In the Supreme Court of the United States


FREDDIE C. JOHNSON, SR.,
DBA F.C. JOHNSON CONSTRUCTION COMPANY, PETITIONER

v.

ALEXIS M. HERMAN, SECRETARY OF LABOR, ET AL.



ON PETITION FOR A WRIT OF CERTIORARI
TO THE UNITED STATES COURT OF APPEALS
FOR THE FIFTH CIRCUIT



BRIEF FOR THE FEDERAL RESPONDENT
IN OPPOSITION



SETH P. WAXMAN
Solicitor General
Counsel of Record
Department of Justice
Washington, D.C. 20530-0001
(202) 514-2217



HENRY L. SOLANO
Solicitor of Labor
ALLEN H. FELDMAN
Associate Solicitor
ELIZABETH HOPKINS
Attorney
Department of Labor
Washington, D.C. 20210



QUESTION PRESENTED

Whether the court of appeals properly affirmed, as within the discretionary authority of the district court, the district court's grant of a 30-day extension of time for service of the complaint.



In the Supreme Court of the United States


No. 99-694

FREDDIE C. JOHNSON, SR.,
DBA F.C. JOHNSON CONSTRUCTION COMPANY, PETITIONER

v.

ALEXIS M. HERMAN, SECRETARY OF LABOR, ET AL.

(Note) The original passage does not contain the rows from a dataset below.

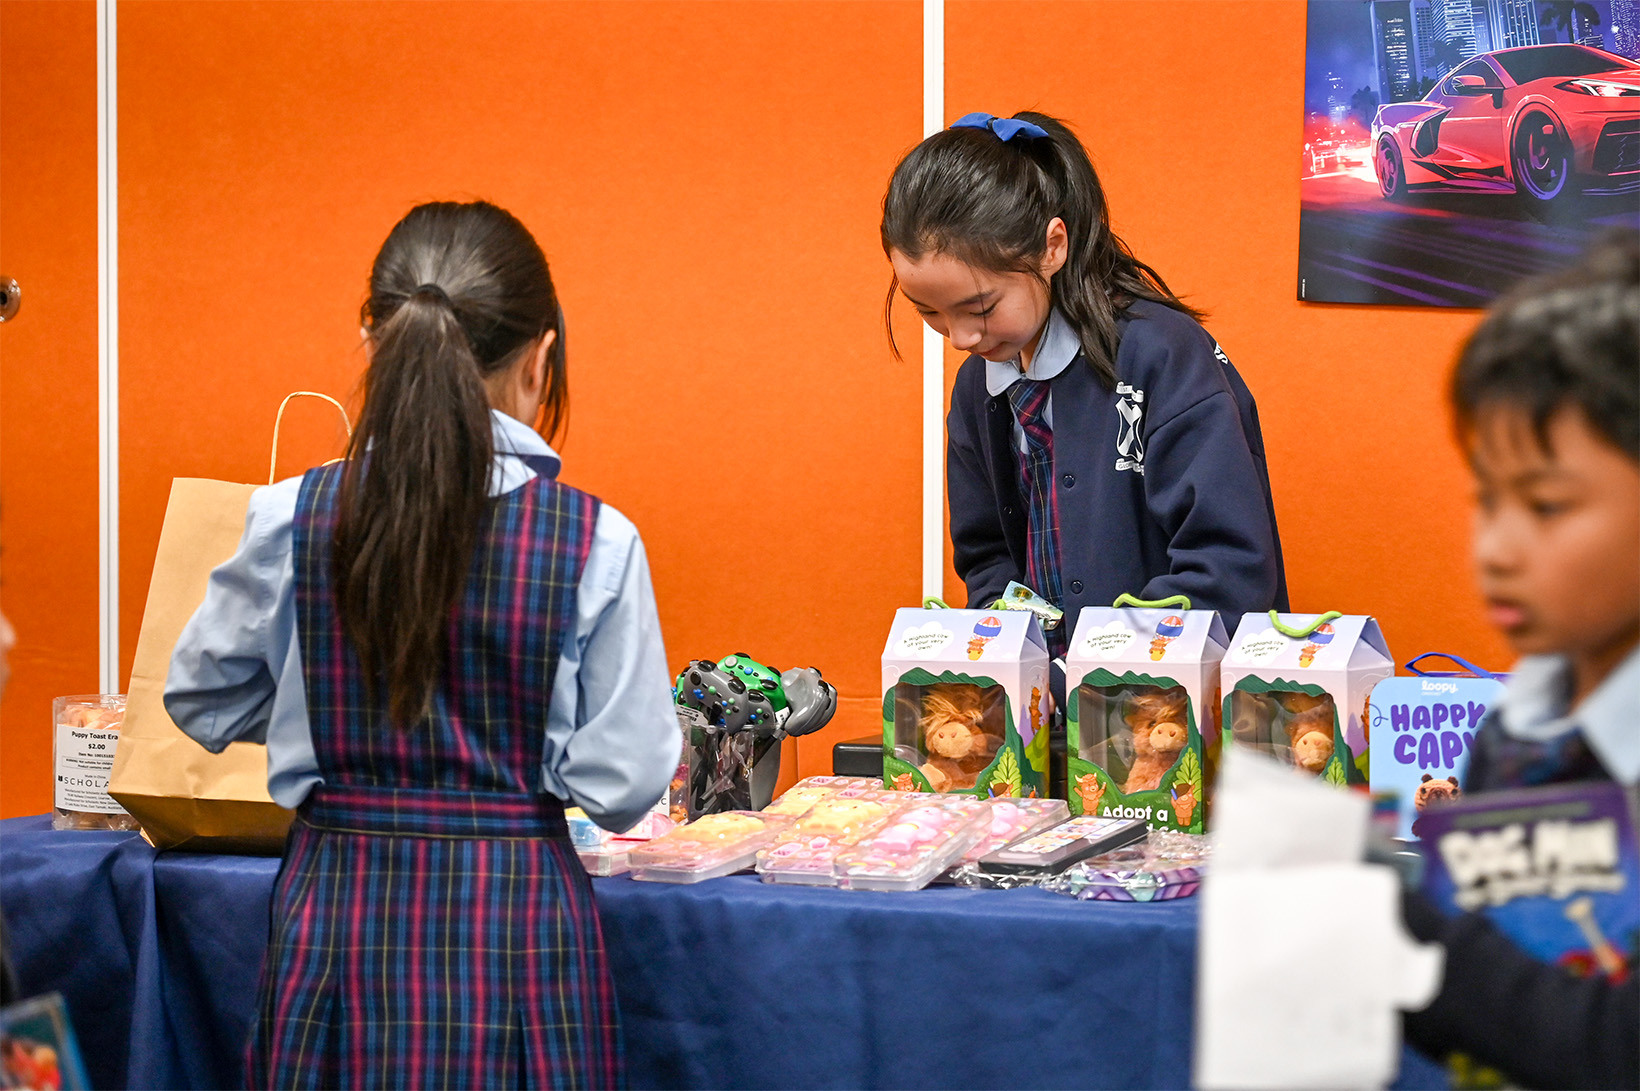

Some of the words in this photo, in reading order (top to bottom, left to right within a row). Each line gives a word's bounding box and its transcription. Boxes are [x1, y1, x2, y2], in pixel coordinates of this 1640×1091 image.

[1390, 700, 1486, 732] HAPPY
[72, 731, 88, 739] Puppy
[64, 777, 109, 788] SCHOLA
[1102, 804, 1152, 820] Adopt
[1156, 809, 1168, 822] a
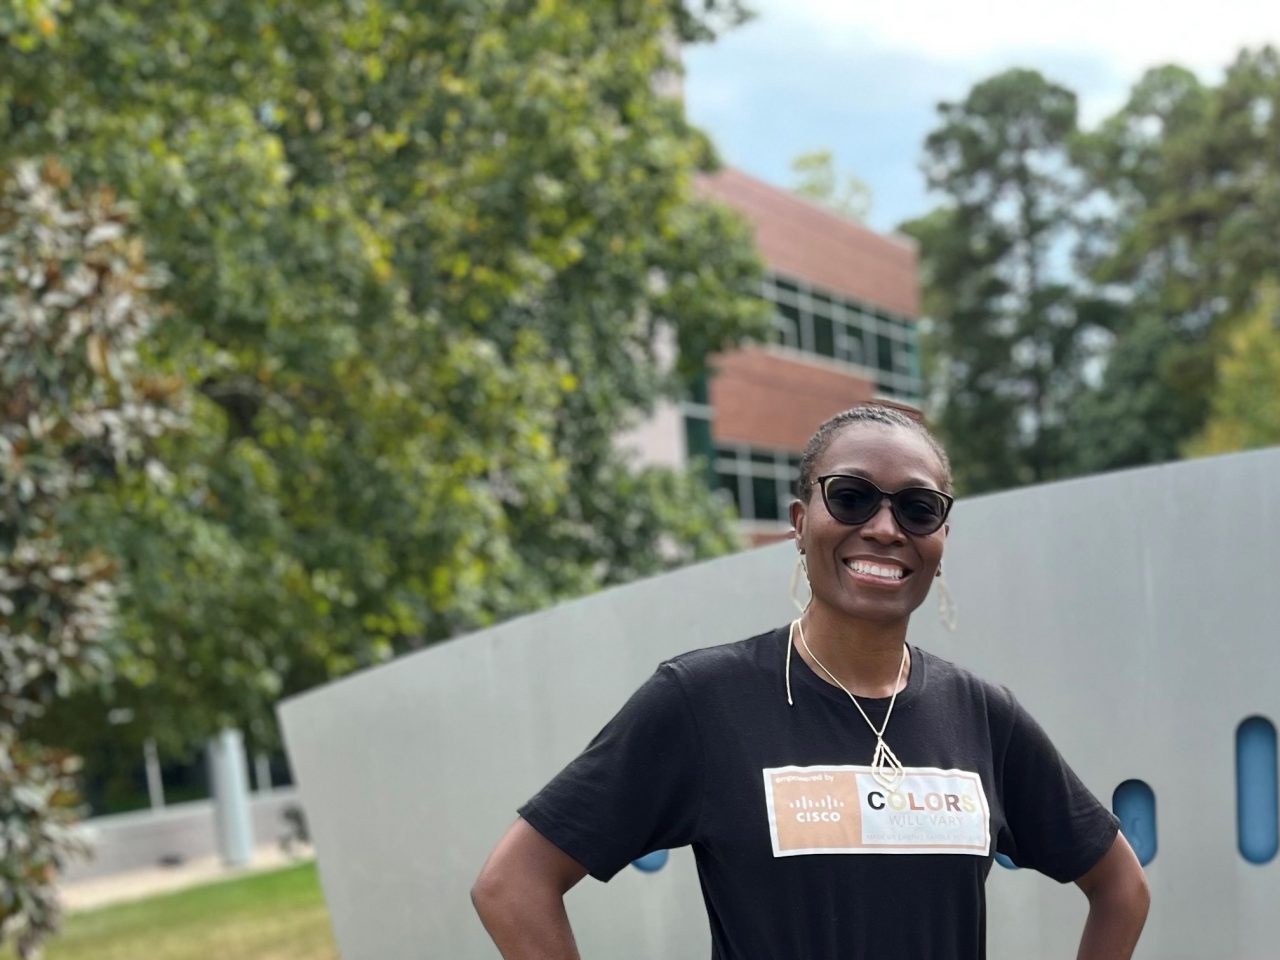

ON PETITION FOR A WRIT OF CERTIORARI
TO THE UNITED STATES COURT OF APPEALS
FOR THE FIFTH CIRCUIT


BRIEF FOR THE FEDERAL RESPONDENT
IN OPPOSITION


OPINIONS BELOW

The per curiam opinion of the court of appeals (Pet. App. 10-13) is unpublished, but the decision is noted at 182 F.3d 914 (Table). The memorandum opinion of the district court (Pet. App. 1-9) is also unreported.

JURISDICTION

The judgment of the court of appeals was entered on May 26, 1999, and a timely petition for rehearing was denied on July 29, 1999. Pet. App. 14. The petition for a writ of certiorari was filed on October 22, 1999. The jurisdiction of this Court is invoked under 28 U.S.C. 1254(1).

STATEMENT

1. Petitioner Freddie Johnson owned and operated an unincorporated construction company. Pet. App. 1-2. Following an inspection of petitioner's workplace, the Secretary of Labor issued two citations on June 16, 1994, alleging violations of the Occupational Safety and Health Act of 1970 (OSH Act), 29 U.S.C. 651 et seq., which petitioner failed to contest. Pet. App. 2. On February 14, 1995, the Occupational Safety and Health Review Commission (OSHRC) granted the Secretary's motion for a default judgment and entered an order affirming a total penalty of $7,350. Ibid. Petitioner appealed to the Fifth Circuit, which denied the appeal. 78 F.3d 582 (1996) (Table). This Court denied petitioner's subsequent petition for a writ certiorari. 519 U.S. 981 (1996).

After petitioner failed to pay the penalty assessed in the citations, the Secretary filed this action in district court to recover the penalty. Pet. App. 2. Petitioner counterclaimed, alleging a number of errors in the underlying OSHRC proceeding, and moved to dismiss the Secretary's complaint on the same basis. He additionally claimed that the Secretary had not properly served him with the complaint, and that the court lacked jurisdiction over the matter. Id. at 3-5. The Secretary moved to dismiss Johnson's counterclaim, and moved for summary judgment on her complaint seeking enforcement of the penalty. Id. at 5-8.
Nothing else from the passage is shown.